While most of us, bar perhaps Springbok fans, have been lapping up the excitement of all the running rugby we’ve seen in the Tri-Nations so far this year, there still appears to be one element that is fundamentally wrong with the way the game is being officiated at the breakdown, due to a lack of backing from the written laws of the game.

The breakdown is still an immense problem.

For me and countless others I’ve spoken to in general conversation about the Tri-Nations tests, the biggest frustration is that the goals the IRB set out to achieve after 2007 included a faster paced game, more tries and less penalties are being held back by the lack of hard nosed officiating at the breakdown.

After the farce that was the initial ELVs, with all the free kicks, which essentially destroyed rugby at its core, we have now converted to a more traditional set of rules with a few tweaks here and there to keep the ball in play for longer, which has sped the game up and on occasion we are seeing a few more tries.

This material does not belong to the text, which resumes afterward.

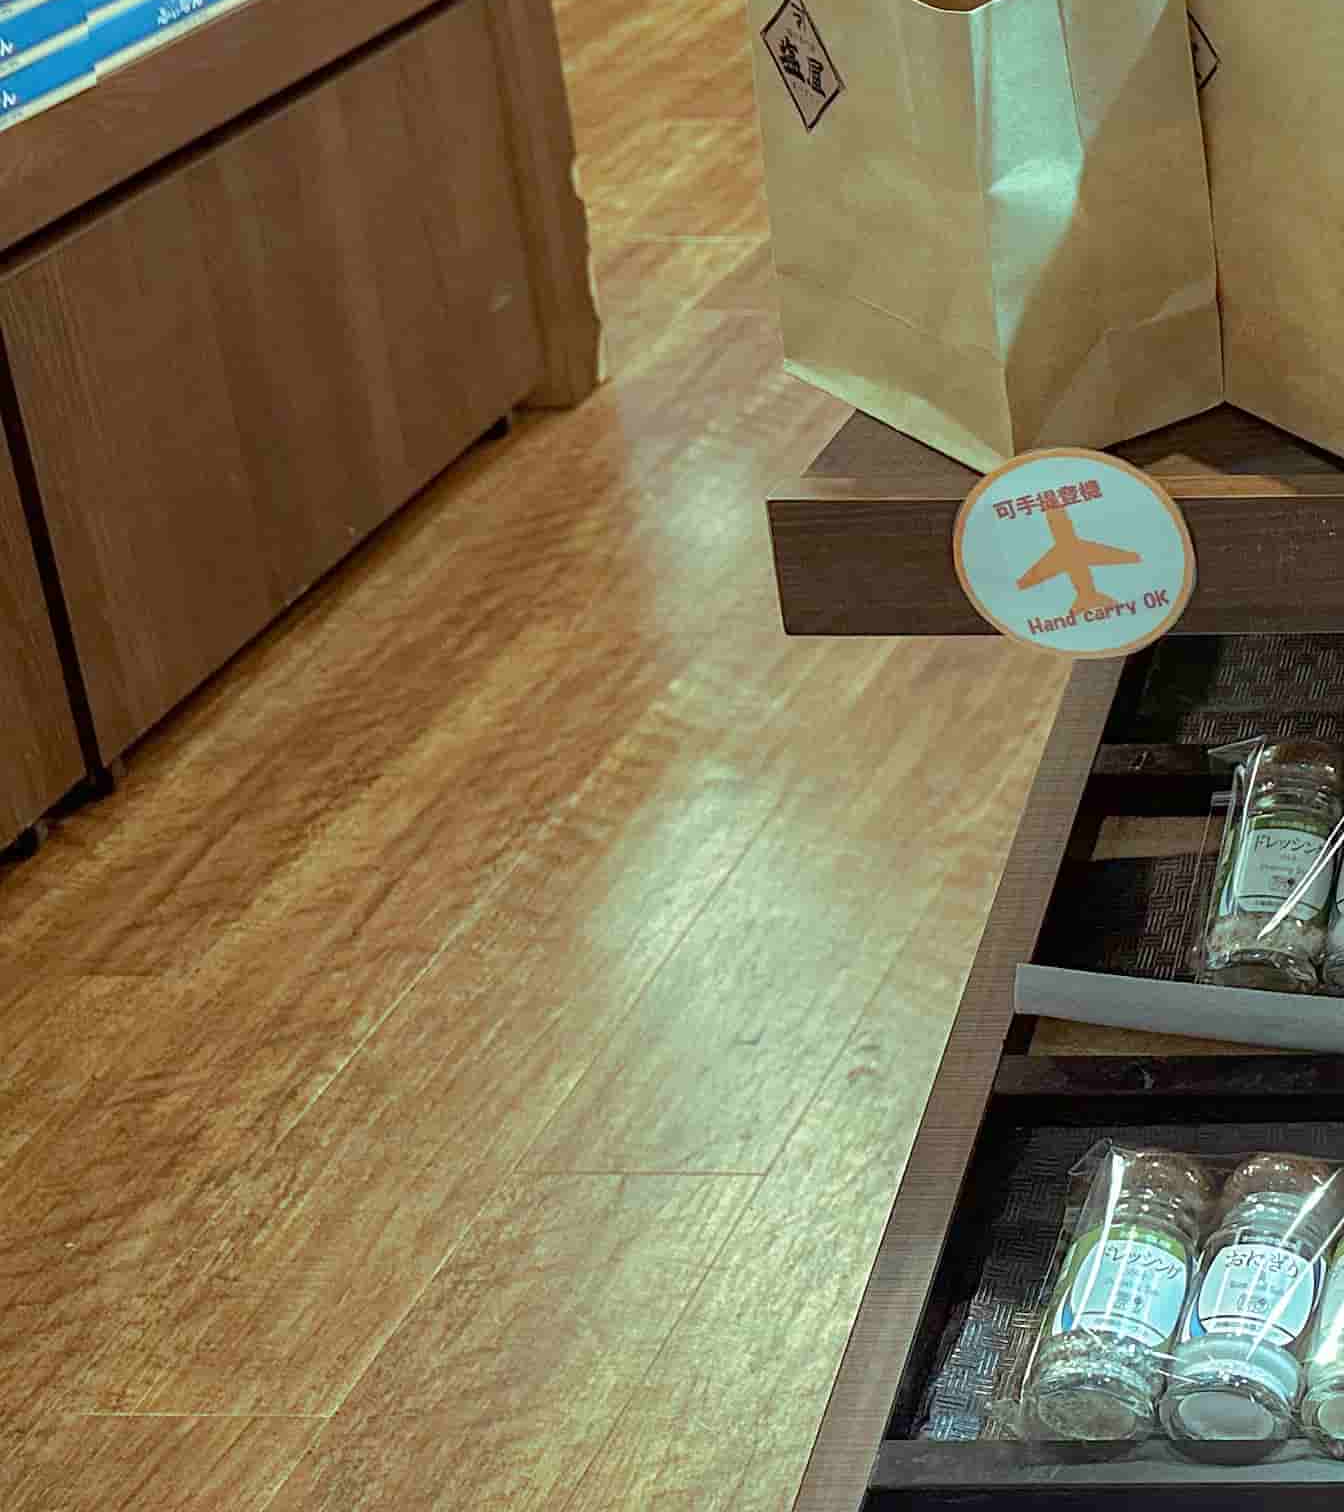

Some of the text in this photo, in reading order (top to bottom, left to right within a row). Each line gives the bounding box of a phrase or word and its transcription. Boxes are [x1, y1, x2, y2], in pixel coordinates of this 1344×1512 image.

[1027, 589, 1170, 634] Hand carry OK

But the key problem area holding this part of the game up is the written law and its lack of backing for refereeing the breakdown.

In the last three weeks, yellow cards have been dished out for everything but the one area of the game which I feel ruins it as a spectacle and essentially condones blatant cheating.

Killing the ball has long been an area of the game that players have chosen to risk doing simply because it is worth it.

Richie McCaw and David Pocock have gotten away with murder in the last three weeks. By an estimated calculation I think that what they do at the breakdown is legal, according to the written laws of the game, around about 30 per cent of the time.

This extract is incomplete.